### TASK ITEM
Restate every line of the data word for word, except for the images.

### RECORDS FOR THE TASK
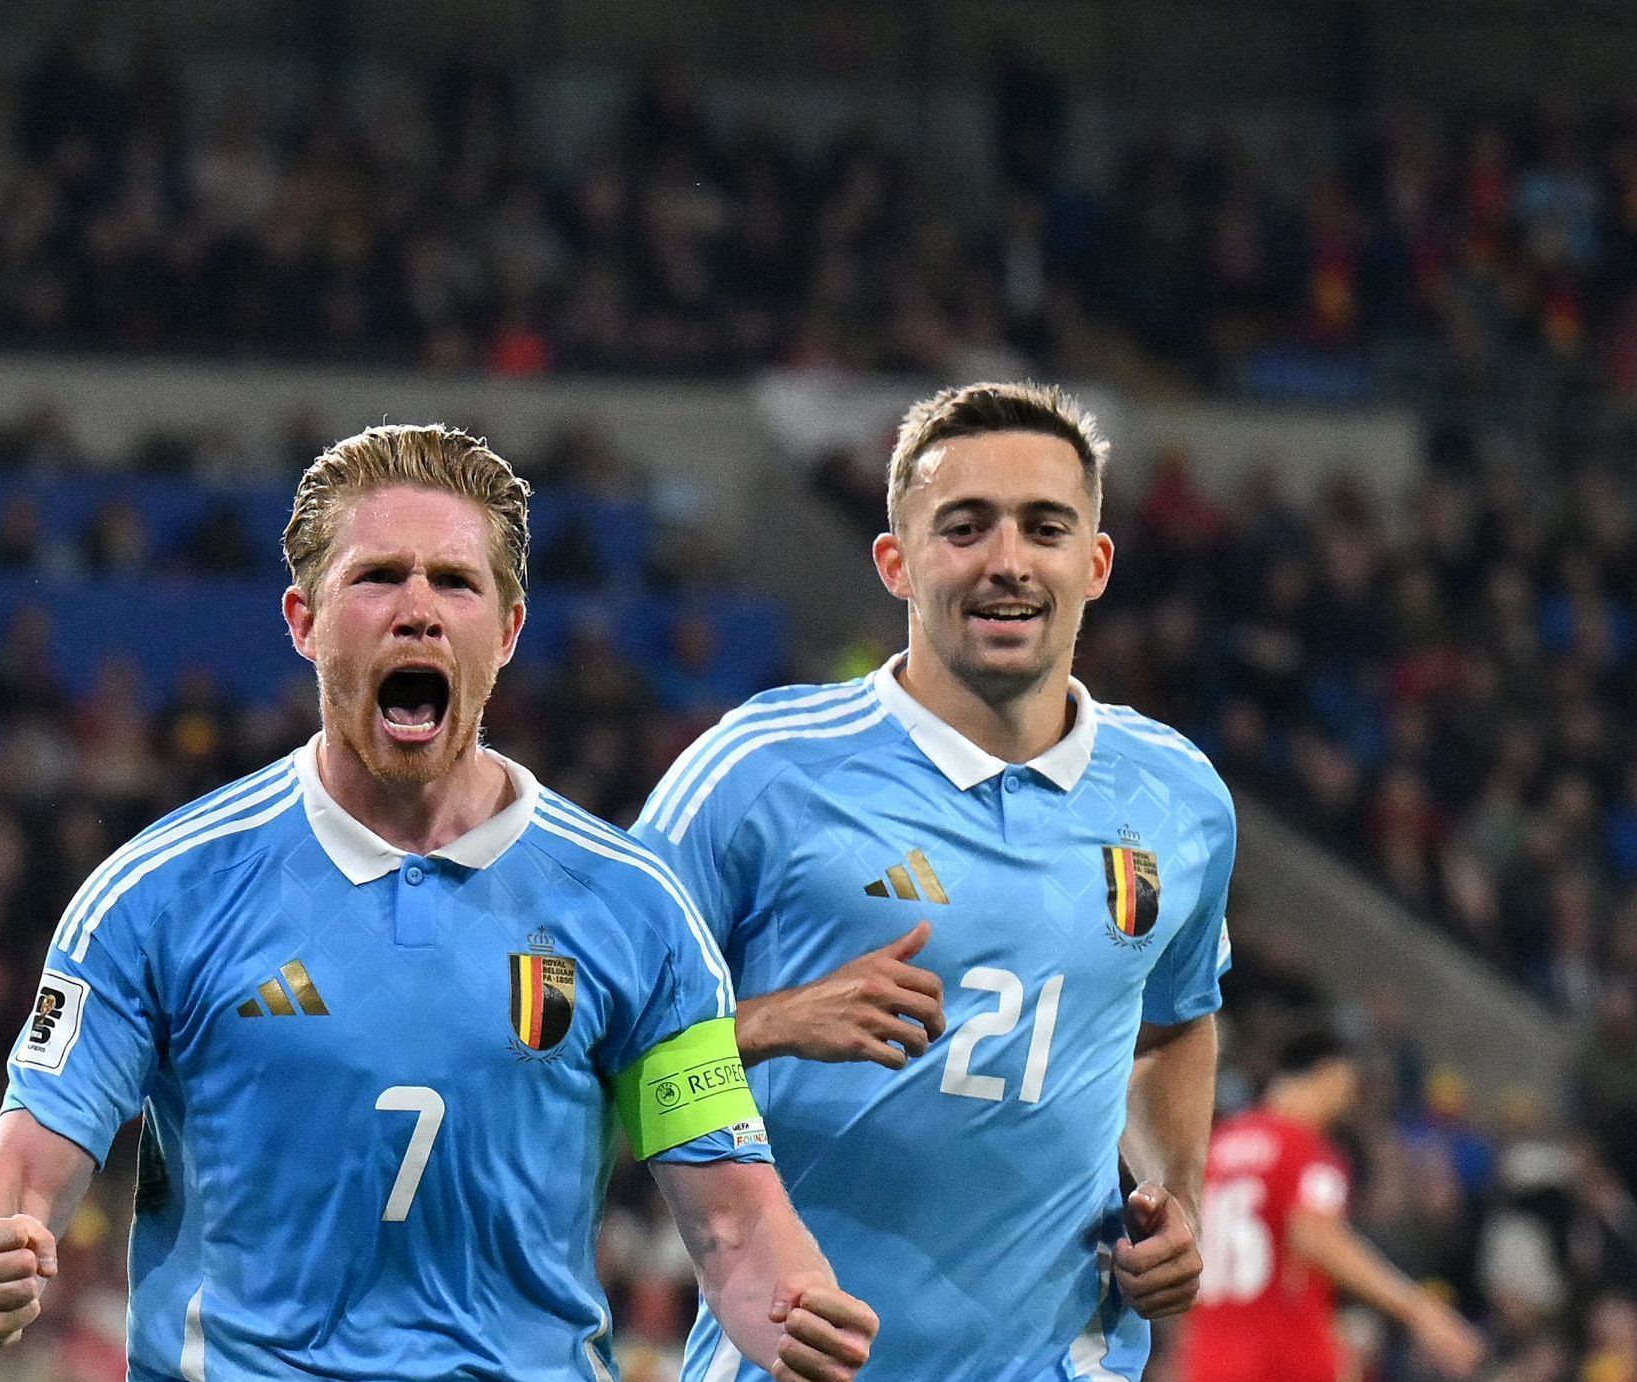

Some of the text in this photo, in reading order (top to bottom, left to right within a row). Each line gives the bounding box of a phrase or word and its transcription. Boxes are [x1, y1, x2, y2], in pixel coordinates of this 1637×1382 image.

[543, 959, 566, 969] ROYAL
[543, 967, 574, 977] BELGIAN
[940, 967, 1065, 1103] 21
[688, 1064, 745, 1094] RESPEC
[732, 1122, 750, 1131] UEFA
[374, 1086, 446, 1222] 7
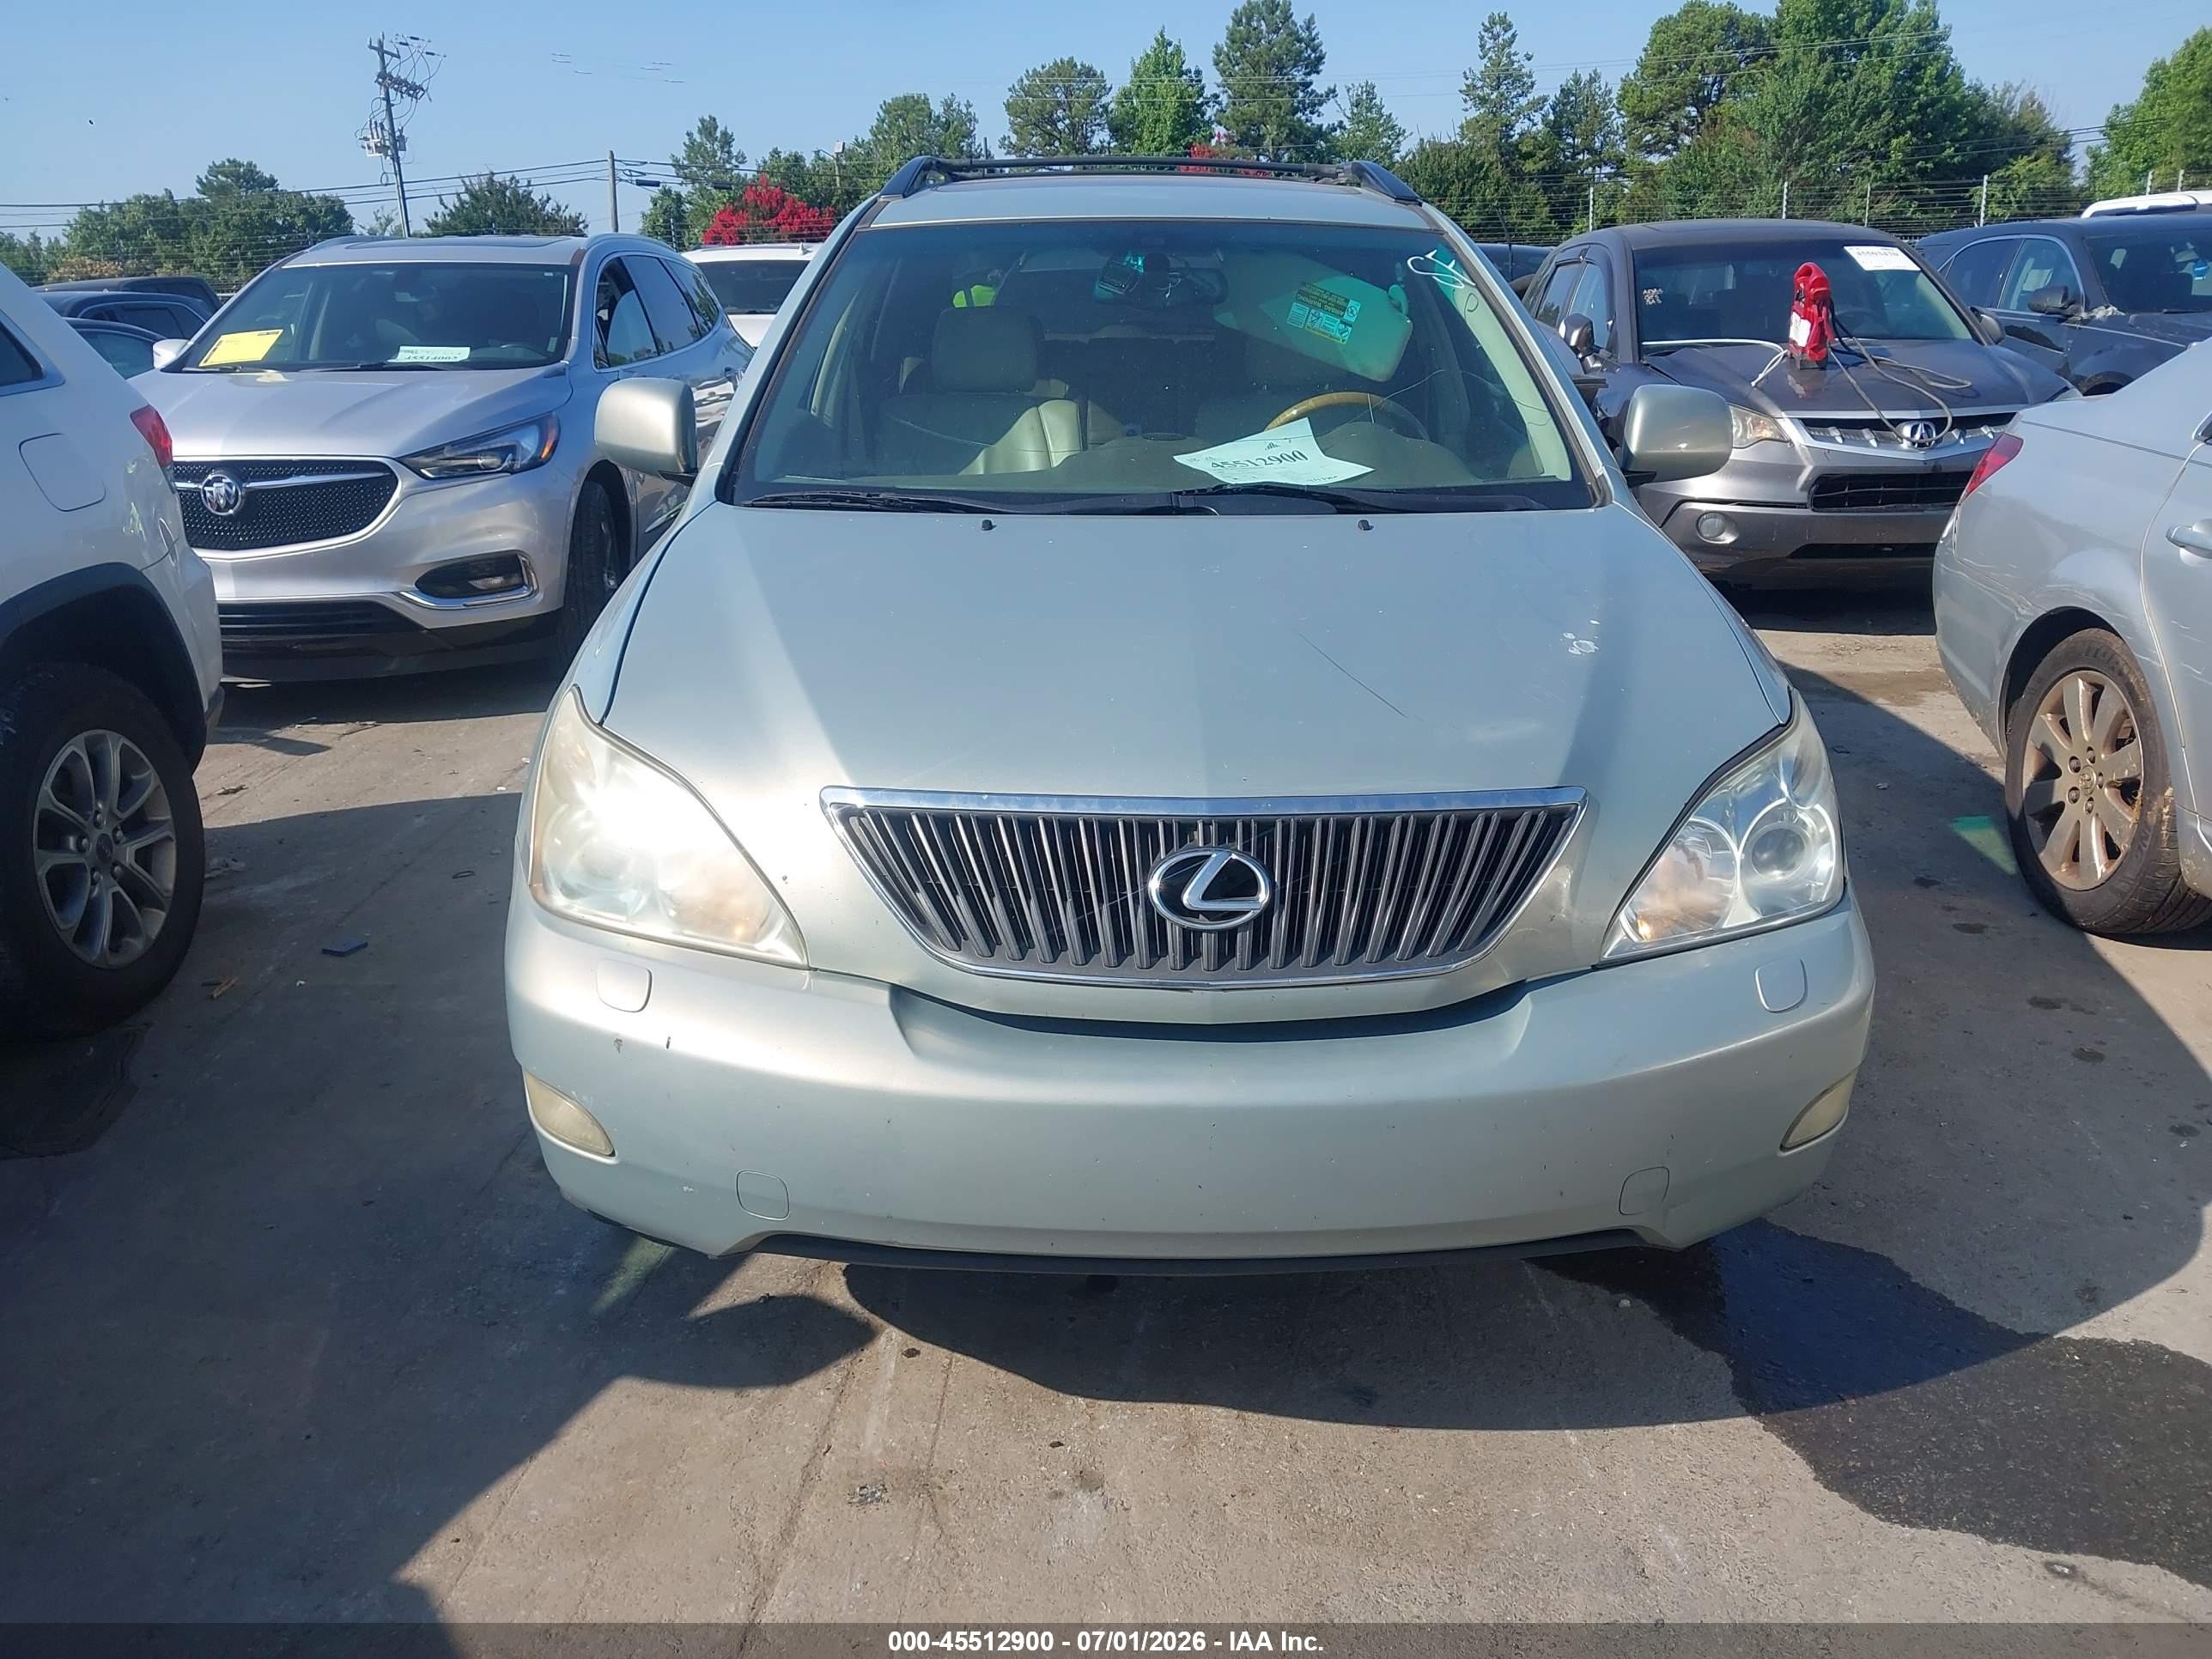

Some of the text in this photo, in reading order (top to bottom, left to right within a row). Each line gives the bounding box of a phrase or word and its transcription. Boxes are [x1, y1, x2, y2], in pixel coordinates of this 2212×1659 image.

[1297, 293, 1322, 308] WARNING
[1323, 304, 1345, 317] AIRBAG
[1210, 449, 1309, 470] 45512900

### OUTPUT OF THE EXERCISE
Some of the text in this photo, in reading order (top to bottom, left to right within a row). Each line gives the bounding box of a phrase or word and its transcription. Boxes are [x1, y1, x2, y2], in pixel coordinates of this 1637×1382 image.

[543, 959, 566, 969] ROYAL
[543, 967, 574, 977] BELGIAN
[940, 967, 1065, 1103] 21
[688, 1064, 745, 1094] RESPEC
[732, 1122, 750, 1131] UEFA
[374, 1086, 446, 1222] 7

Some of the text in this photo, in reading order (top to bottom, left to right within a row). Each line gives the bounding box of a phrase or word and its transcription. Boxes are [x1, y1, x2, y2], in pixel coordinates of this 2212×1659 image.

[1297, 293, 1322, 308] WARNING
[1323, 304, 1345, 317] AIRBAG
[1210, 449, 1309, 470] 45512900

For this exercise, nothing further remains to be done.